Indeed, while President Trump has been mildly criticized by some members of the Bilderberg Group, for someone who ran as a political outsider who would blow up the system and “drain the swamp,” he can count quite a few allies not only among the elite meeting’s attendees, but among its even more elite steering committee. A case in point is the tech summit that Schmidt attended, which also featured two other billionaire Bilderberg steering committee members: PayPal co-founder Peter Thiel, an enthusiastic Trump supporter who spoke at the Republican National Convention, along with his fellow co-founder of Palantir Technologies (a somewhat obscure military and intelligence agency technology contractor), Alex Karp, who seemed a bit out of place at Trump’s tech tycoon meeting of mostly household names.
“The most obvious reason,” for Karp’s invitation to Trump’s summit, CNBC reporters noted, “contains little subtlety. Peter Thiel, the venture capitalist and Facebook board member who is part of Trump’s transition team, is a co-founder of Palantir and is the company’s biggest backer.
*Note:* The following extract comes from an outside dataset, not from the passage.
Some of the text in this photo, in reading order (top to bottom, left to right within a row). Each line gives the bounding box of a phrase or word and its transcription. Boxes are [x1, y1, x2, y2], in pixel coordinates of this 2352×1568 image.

“Karp’s presence may or may not represent an actual conflict of interest, but the appearance of one is hard to deny, according to Norman Eisen, a former U.S. ambassador to the Czech Republic who worked on President Barack Obama’s ethics initiatives.”
It may be hard to deny the appearance of a conflict of interest in Karp’s invitation to Trump’s tech meeting. Yet it is perhaps even harder to deny the apparent conflicts of interest posed by the presence of three steering committee members of a secretive international club like the Bilderberg Group at such a meeting.
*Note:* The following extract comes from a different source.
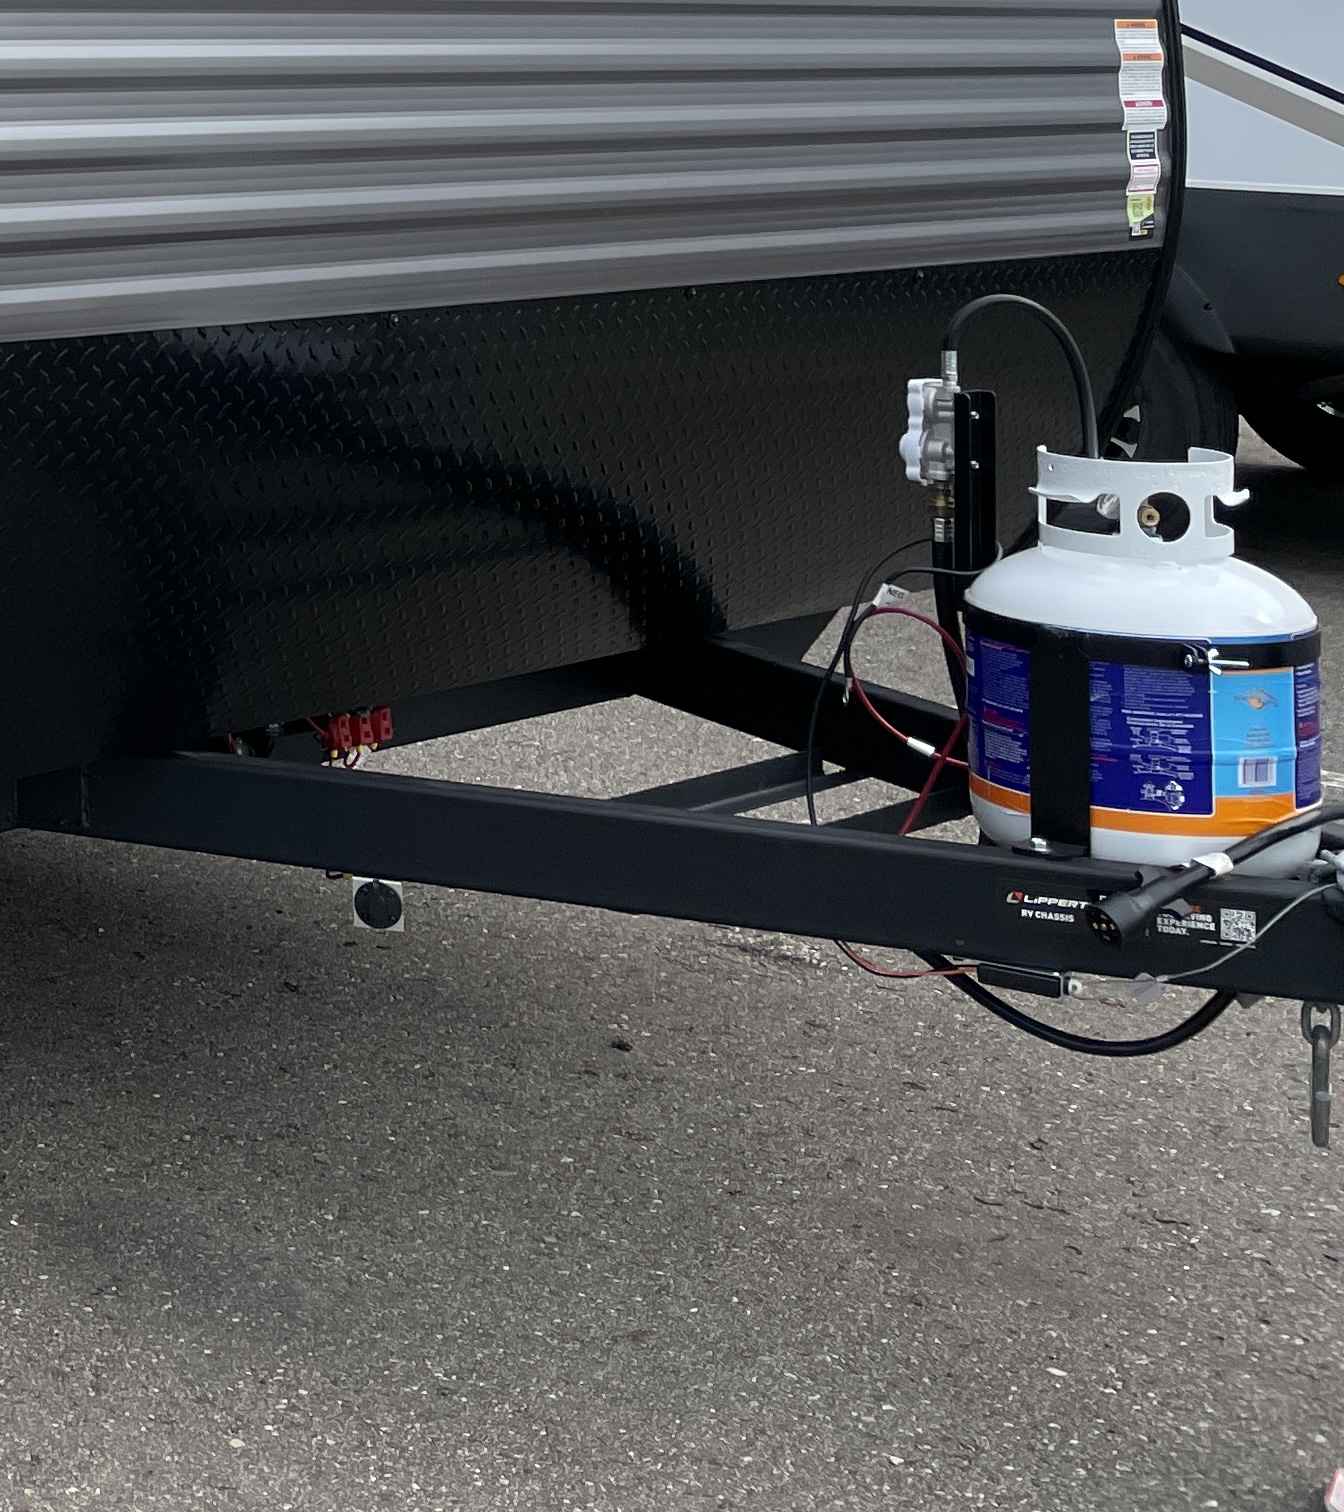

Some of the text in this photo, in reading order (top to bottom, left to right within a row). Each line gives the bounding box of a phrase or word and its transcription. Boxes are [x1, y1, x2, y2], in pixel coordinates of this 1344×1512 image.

[1021, 909, 1075, 923] RV CHASSIS
[1156, 916, 1216, 932] EXPERIENCE
[1158, 926, 1190, 936] TODAY.
As the Washington Post noted as long ago as last summer, some Democrats have suggested they would have a shot at taking down Donald Trump or those in his inner circle (Jared Kushner, most recently) through the use of the Logan Act, a somewhat obscure piece of legislation that has been on the books since the late 1700s and which technically makes it a felony for private U.S. citizens to interfere in America’s foreign diplomatic relations. It’s a law that Alex Jones, among others, has suggested could be used to prosecute American participants in the Bilderberg Meetings — and also one under which nobody has ever been convicted.
Still, if you’re a regular reader of the Post you might not be blamed if you’d gotten the idea somewhere that the Logan Act “could actually be a big problem for Trump.” But you’d likewise be forgiven for thinking Trump’s former national security adviser Michael Flynn, probably the best candidate of anyone in the administration for a Logan Act prosecution, “has absolutely nothing to fear from the Logan Act.”
“That the law keeps being used in partisan political bickering is no surprise: It has its roots there, too,” notes Jeremy Duda of the Post. “The Logan Act passed as a result of acrimony between the ruling Federalists and the Democratic-Republicans during (John) Adams’s administration.” Indeed, as Charlie Savage of the New York Times points out, the law “has functioned primarily as rhetorical ammunition for the party that holds the White House during partisan disputes over a foreign policy matter.”
Despite some apparent and undeniable conflicts of interest, it seems unlikely that Kushner, McMaster, Flynn, or any other current or former White House official will be convicted of America’s first ever felony Logan Act violation, just as it is unlikely that any of the Americans hobnobbing with the financial and political elite of Europe this upcoming weekend will be going to prison for doing so. But in this context, it is also understandable that the billionaires, bankers, media elites and the rest of the aristocrats at Bilderberg feel the need to gather under whatever cover of secrecy they can maintain and plan for how people in their positions can prepare for a rising tide of populist outrage at exactly what they are doing.